- WORK TO COMPLETE -
Would you restate every entry below word for word? Leave out the pictures.

+---+

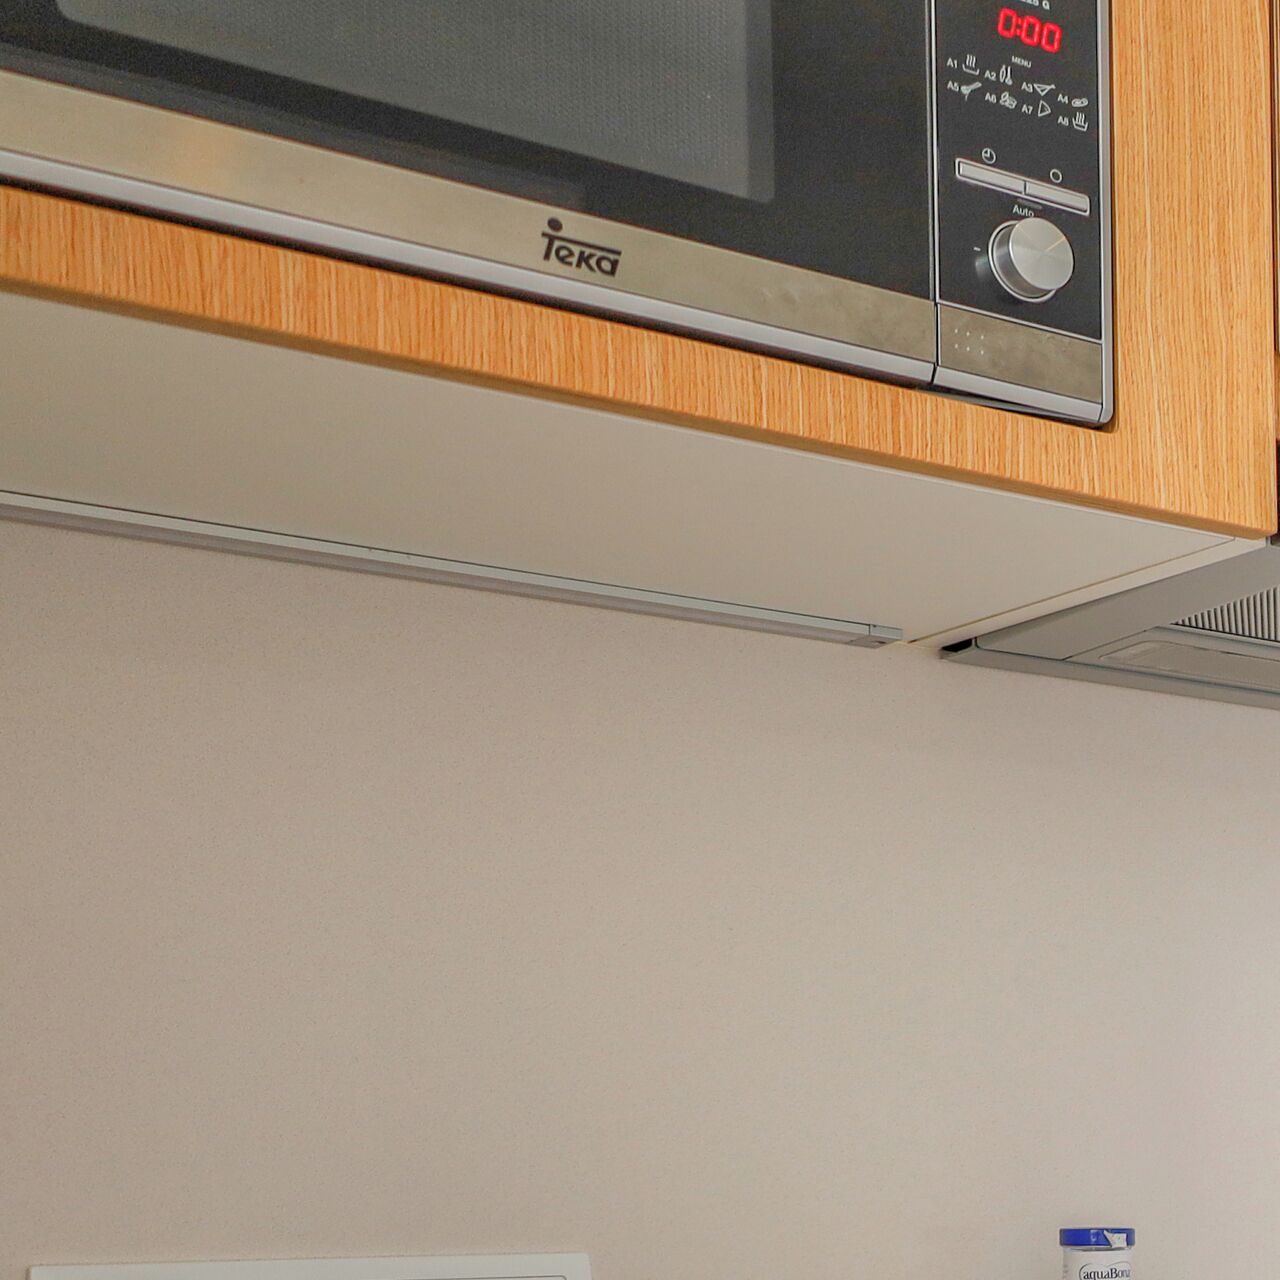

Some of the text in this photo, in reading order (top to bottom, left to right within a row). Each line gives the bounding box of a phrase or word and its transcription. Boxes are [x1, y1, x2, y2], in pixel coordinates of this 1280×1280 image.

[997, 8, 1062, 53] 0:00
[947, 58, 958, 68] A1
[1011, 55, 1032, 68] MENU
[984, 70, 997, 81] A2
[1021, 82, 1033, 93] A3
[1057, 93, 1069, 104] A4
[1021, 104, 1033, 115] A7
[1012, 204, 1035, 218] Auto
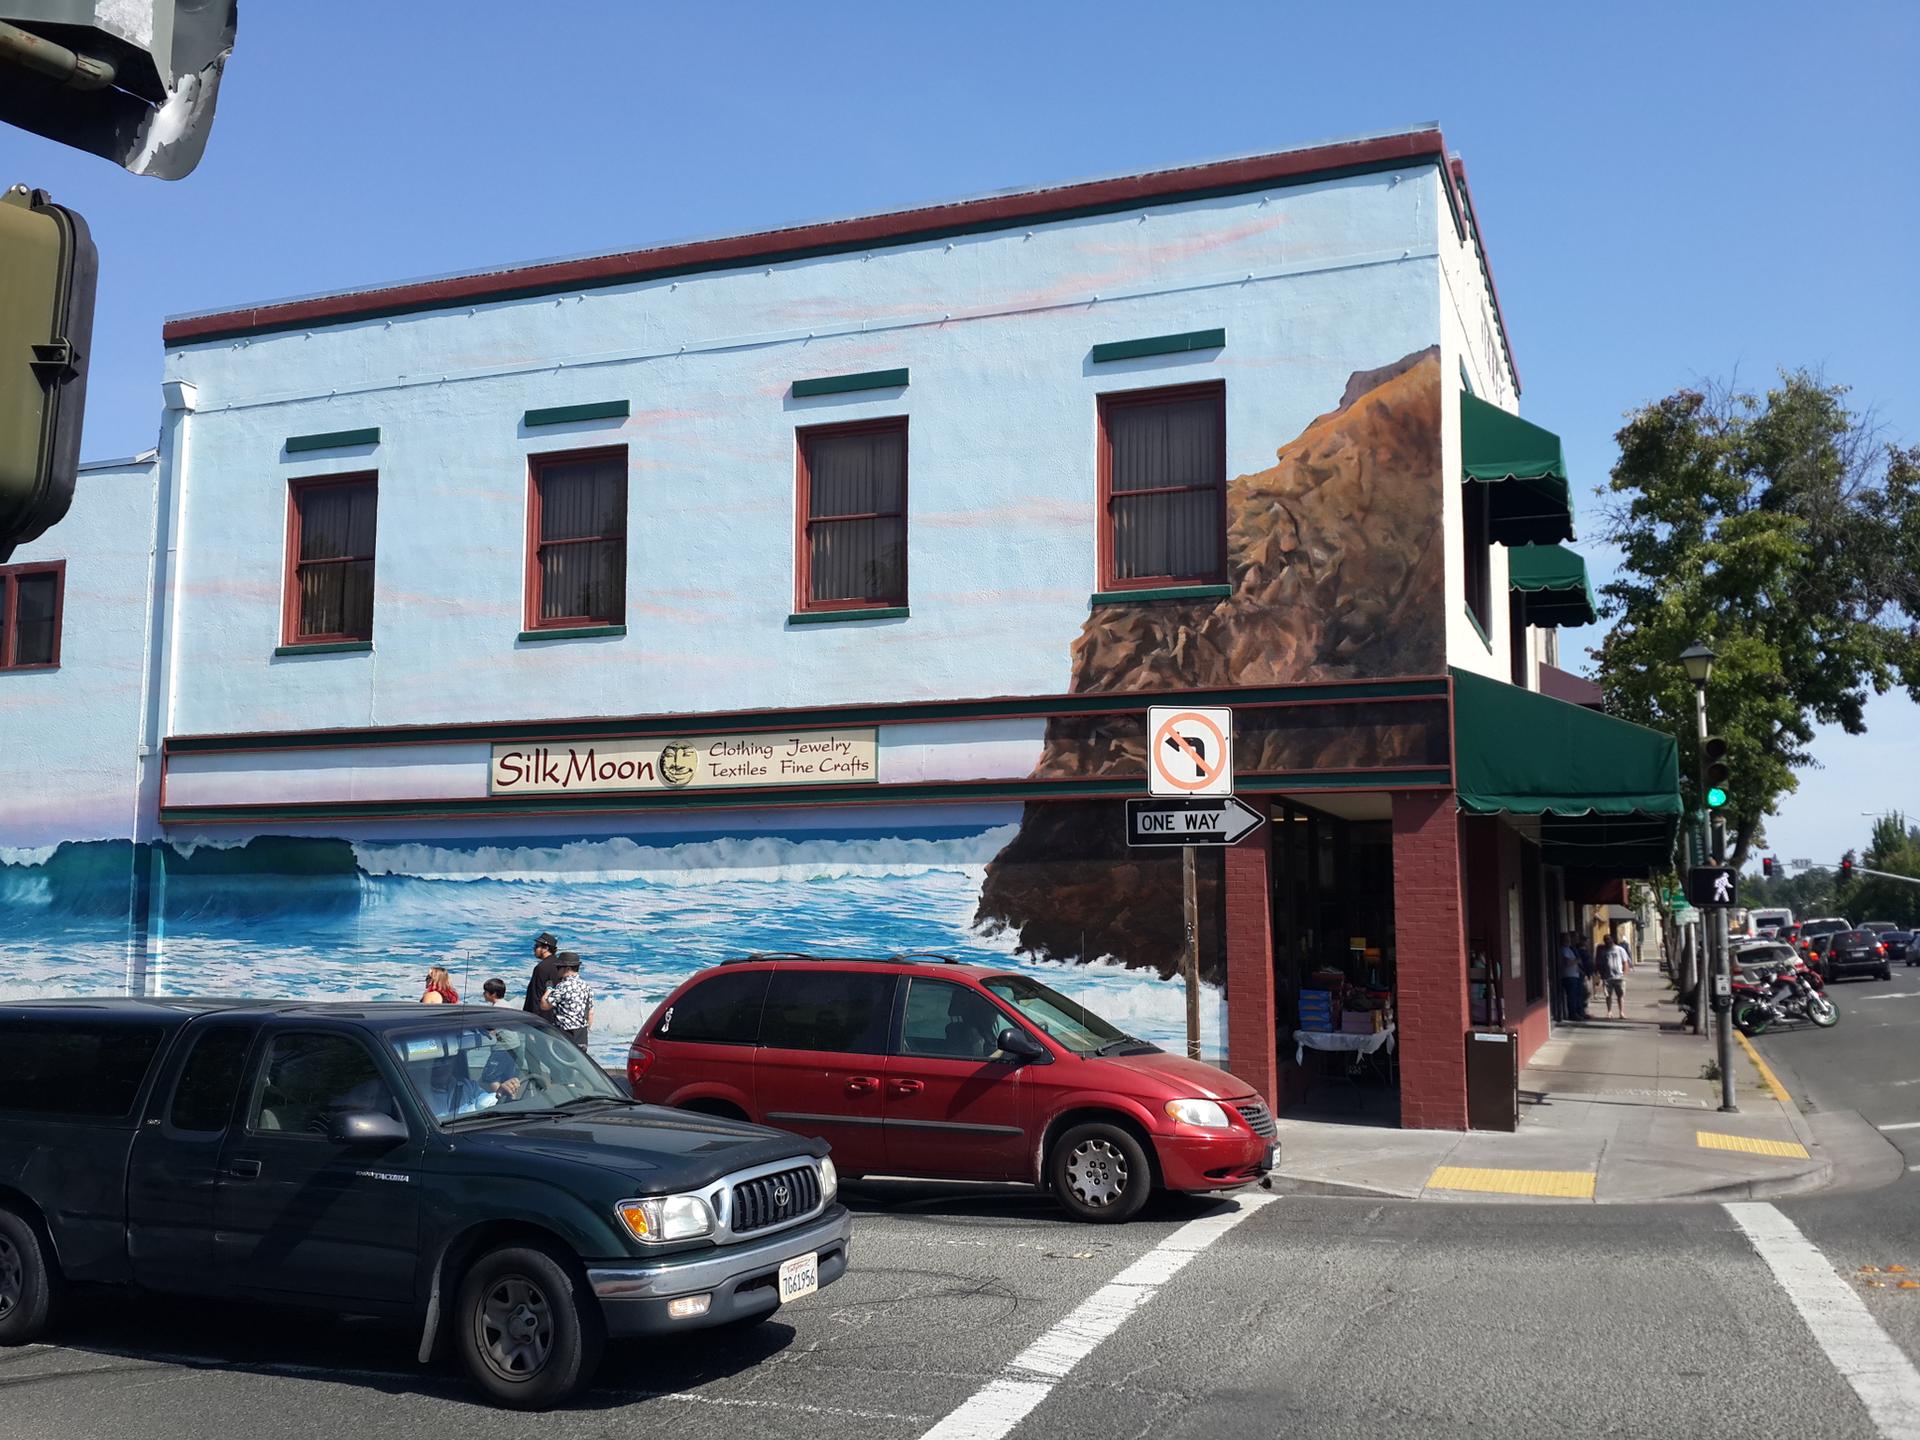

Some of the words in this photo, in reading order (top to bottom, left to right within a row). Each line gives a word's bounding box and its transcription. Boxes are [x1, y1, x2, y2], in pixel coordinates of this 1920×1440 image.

+---+

- TASK OUTPUT -
Some of the text in this photo, in reading order (top to bottom, left to right within a row). Each line gives the bounding box of a phrase or word and its transcription. Boxes are [x1, y1, x2, y2], in pixel coordinates of this 1280×1280 image.

[997, 8, 1062, 53] 0:00
[947, 58, 958, 68] A1
[1011, 55, 1032, 68] MENU
[984, 70, 997, 81] A2
[1021, 82, 1033, 93] A3
[1057, 93, 1069, 104] A4
[1021, 104, 1033, 115] A7
[1012, 204, 1035, 218] Auto

Some of the words in this photo, in reading order (top to bottom, left to right within a row). Each line gives a word's bounding box and its transcription. Boxes are [x1, y1, x2, y2], in pixel coordinates of this 1920×1440 image.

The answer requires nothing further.